**** Dataset excerpts

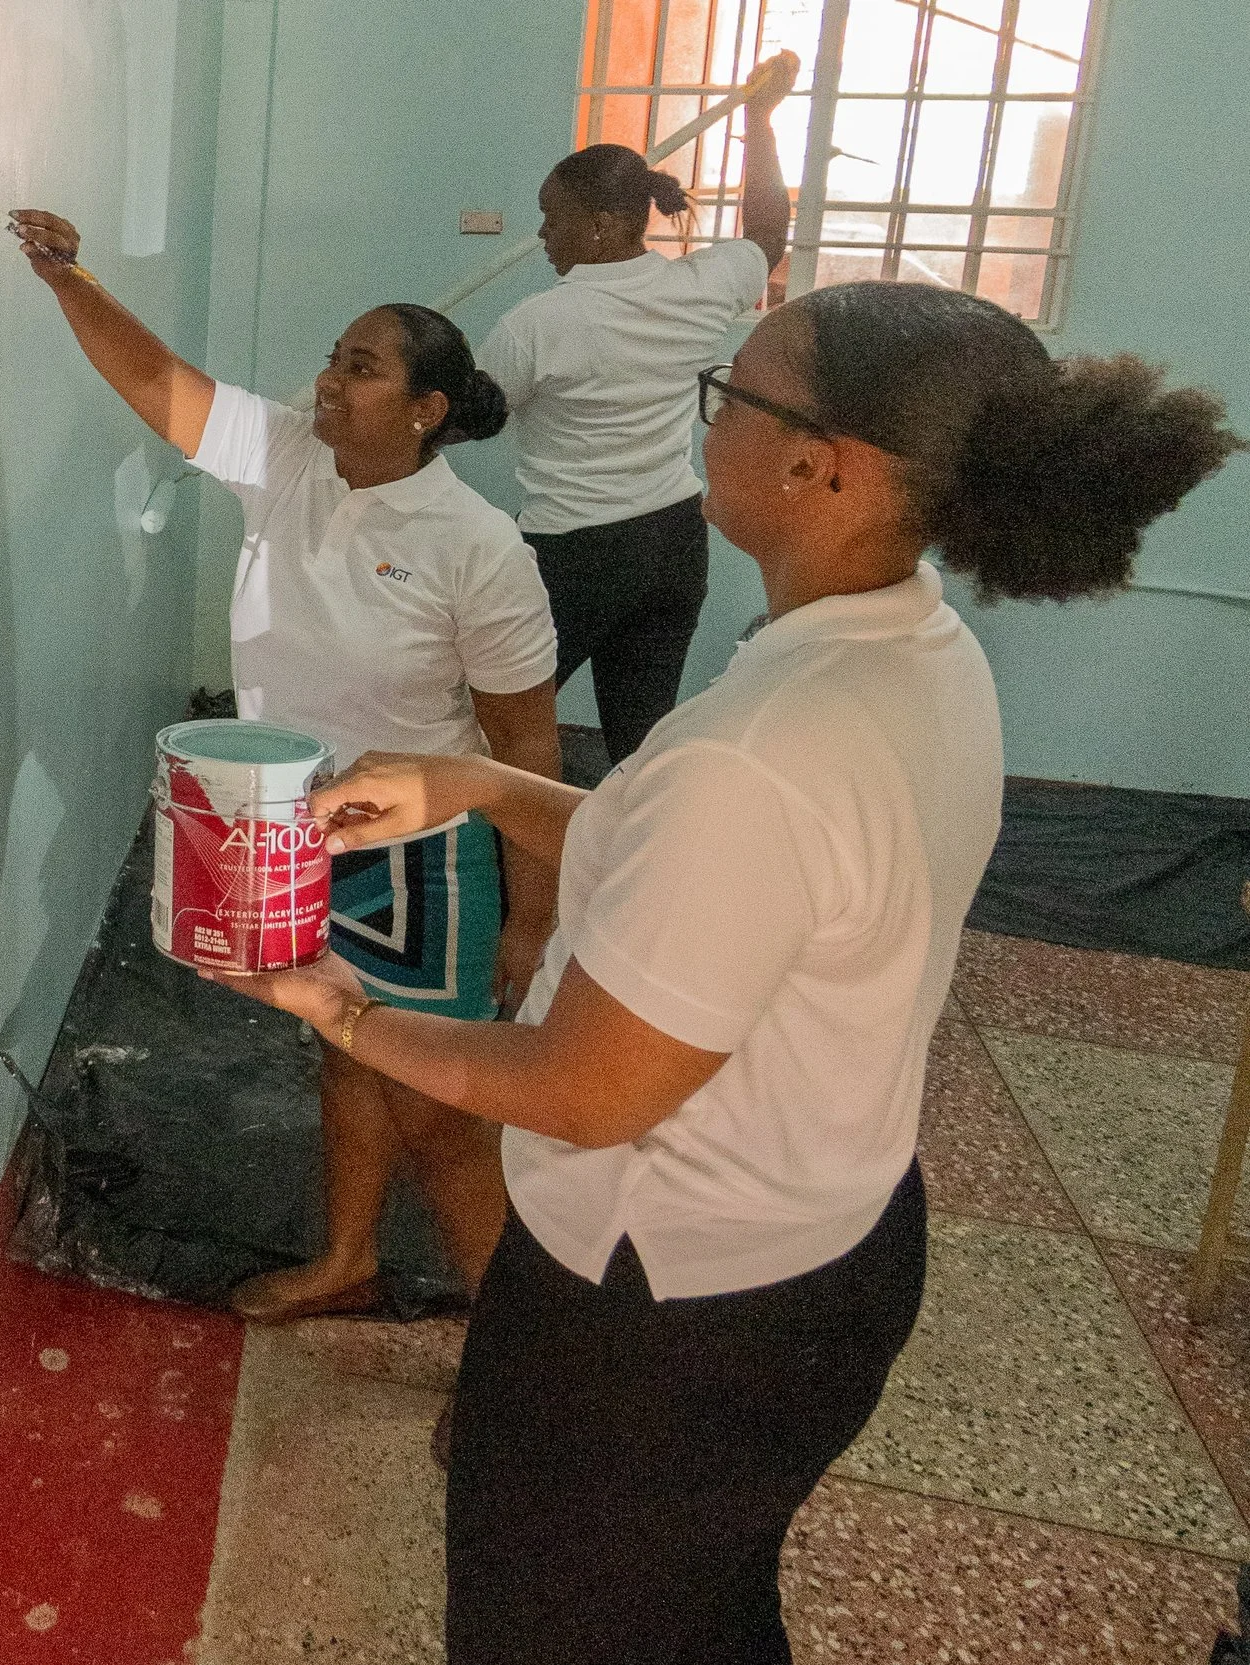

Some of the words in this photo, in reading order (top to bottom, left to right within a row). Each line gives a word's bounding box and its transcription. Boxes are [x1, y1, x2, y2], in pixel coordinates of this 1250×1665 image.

[389, 567, 413, 583] IGT
[219, 823, 324, 854] A-100
[269, 907, 305, 919] ACRYIC
[305, 900, 324, 913] LATEX
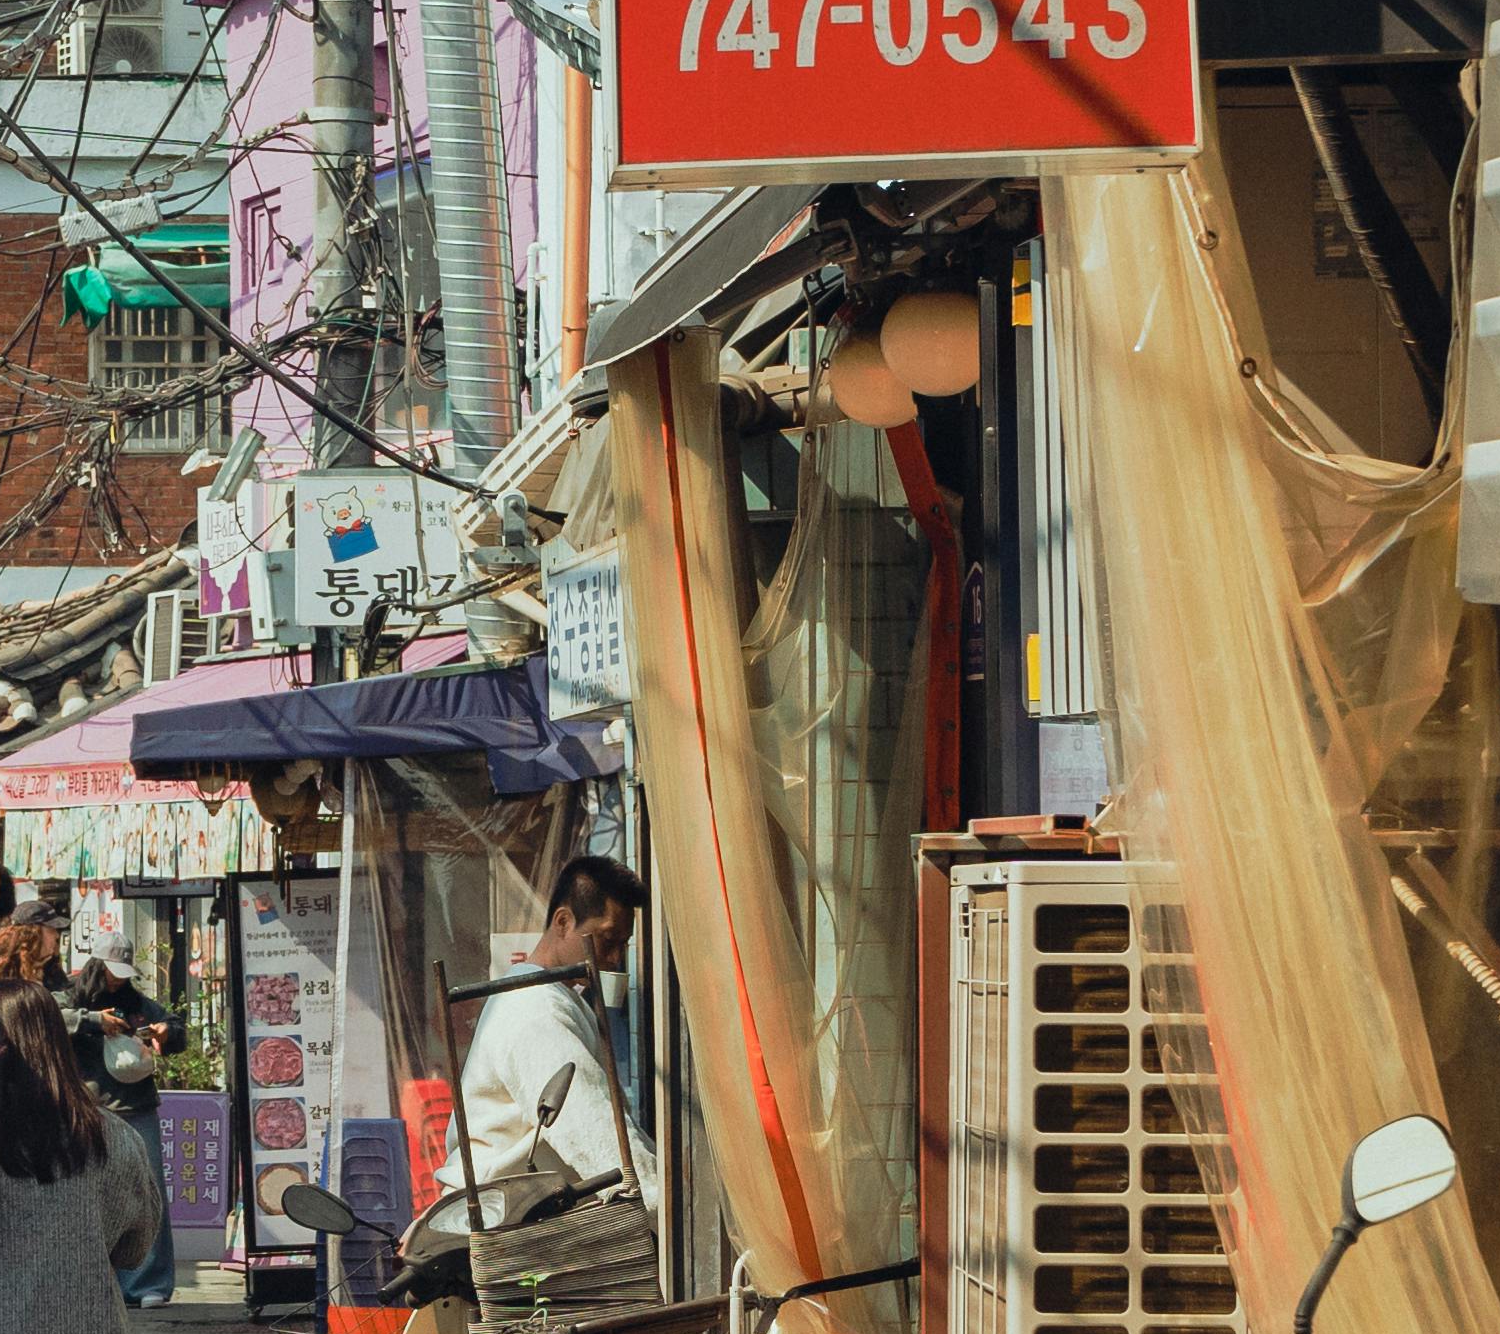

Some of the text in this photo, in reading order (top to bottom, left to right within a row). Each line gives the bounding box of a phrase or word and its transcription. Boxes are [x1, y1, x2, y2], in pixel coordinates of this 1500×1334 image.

[293, 894, 332, 917] 통돼
[303, 979, 335, 996] 삼겹
[179, 1117, 198, 1205] 취업운세
[202, 1118, 220, 1205] 재물운세

********

What you need to do:
Please output all of the entries above exactly, but without any picture.

Solution for this task:
Some of the words in this photo, in reading order (top to bottom, left to right within a row). Each line gives a word's bounding box and its transcription. Boxes are [x1, y1, x2, y2], in pixel coordinates of this 1250×1665 image.

[389, 567, 413, 583] IGT
[219, 823, 324, 854] A-100
[269, 907, 305, 919] ACRYIC
[305, 900, 324, 913] LATEX

Some of the text in this photo, in reading order (top to bottom, left to right within a row). Each line gives the bounding box of a phrase or word and its transcription. Boxes are [x1, y1, x2, y2], in pixel coordinates of this 1500×1334 image.

[293, 894, 332, 917] 통돼
[303, 979, 335, 996] 삼겹
[179, 1117, 198, 1205] 취업운세
[202, 1118, 220, 1205] 재물운세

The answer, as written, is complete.